Als meneer Hubble zijn smerige vingers niet thuis kan houden, kan hij toch minstens proberen me tijdens de kantooruren niet lastig te vallen. Na werktijd lukt het me wel hem te ontlopen.’
Bliss Hubble grinnikte. ‘Sorry, Norma, maar...’
‘Lavin!’
‘Sorry, Lavin, ik geef toe dat ik fout was.
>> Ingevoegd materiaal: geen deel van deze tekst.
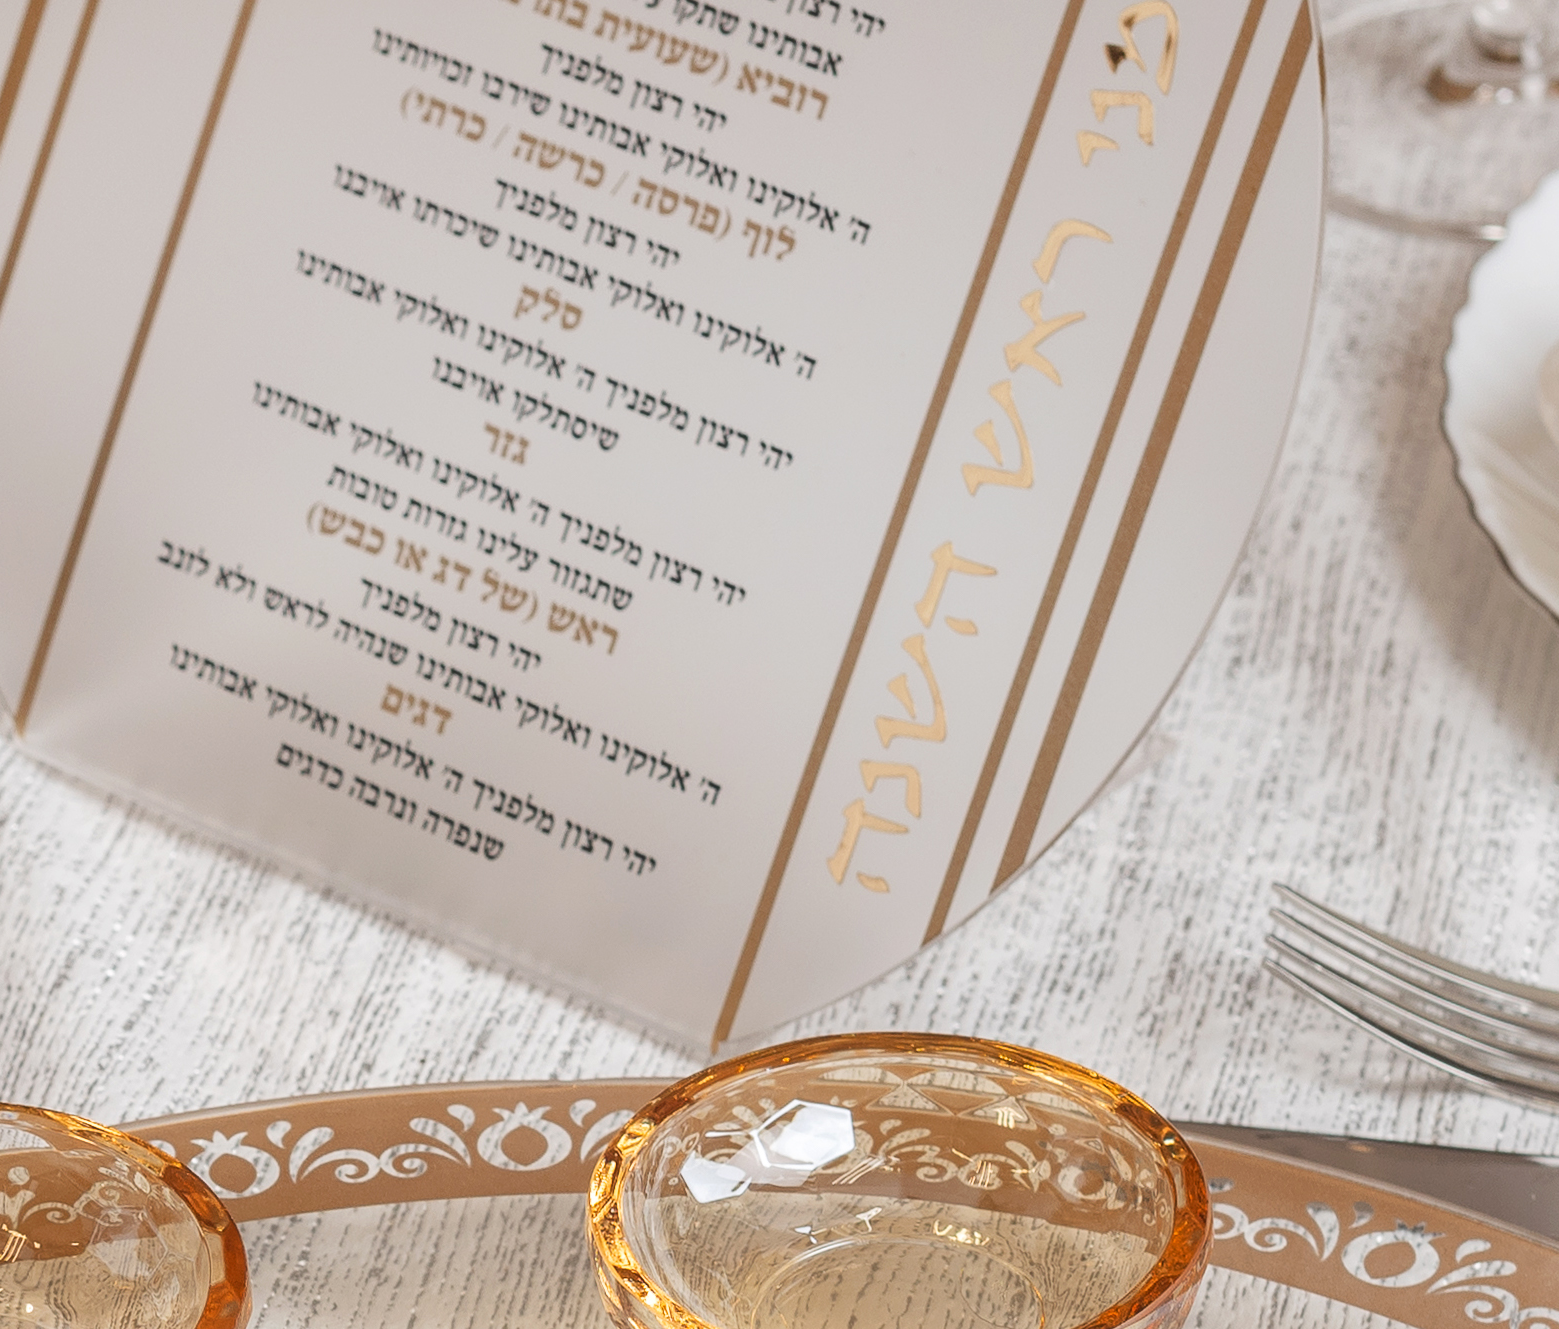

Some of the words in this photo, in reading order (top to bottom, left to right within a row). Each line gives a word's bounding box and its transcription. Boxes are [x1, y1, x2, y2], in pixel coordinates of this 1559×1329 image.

Maar vandaag ben ik, eerlijk gezegd, een beetje rusteloos; het is nu een kwestie van succes of catastrofe, moet je weten.’
‘We zijn allemaal een beetje gespannen, jongedame,’ suste Harry Coett. ‘Ik kom er rond voor uit dat het op mijn zenuwen werkt hier zo werkeloos te zitten. Ben je er zeker van, Mundin, dat je vriend... eh... heeft gedaan wat hij verondersteld werd te doen?’ Mundin haalde zijn schouders op. Na enkele ogenblikken zei hij: ‘Wil iemand soms koffie, of iets anders?’
Niemand. Niemand wilde iets anders dan dat er een eind kwam aan het wachten. Behalve Norma, die inwendig nog zat te foeteren, en Don Lavin, die in een toestand van voortdurende opgewektheid verkeerde na zijn wekenlange versuffing, keek iedereen bezorgd.
En toen...
Norvell Bligh, die in een hoek over een gedempt klinkende radio zat gebogen, riep plotseling: ‘Dit is het!’ Hij graaide naar de beeld- en geluidsknoppen.
‘... AANVANKELIJK GEWETEN AAN TRILLINGEN,’ brulde de nieuwslezer; toen had Norvell de gewenste geluidssterkte. ‘Deskundigen van G.M.L. echter verklaarden dat dit op het eerste gezicht niet waarschijnlijk geacht moet worden. Een technische ploeg van G.M.L. is naar Washington overgevlogen om de overblijfselen te onderzoeken. We laten u thans een archieffoto zien van het eerste zeepbelhuis. Zoals het was...’
De foto verscheen op het scherm; daar stond G.M.L.’s eerste huis, tot lilliputproporties teruggebracht door de uitgestrektheid van de zaal met prototypen.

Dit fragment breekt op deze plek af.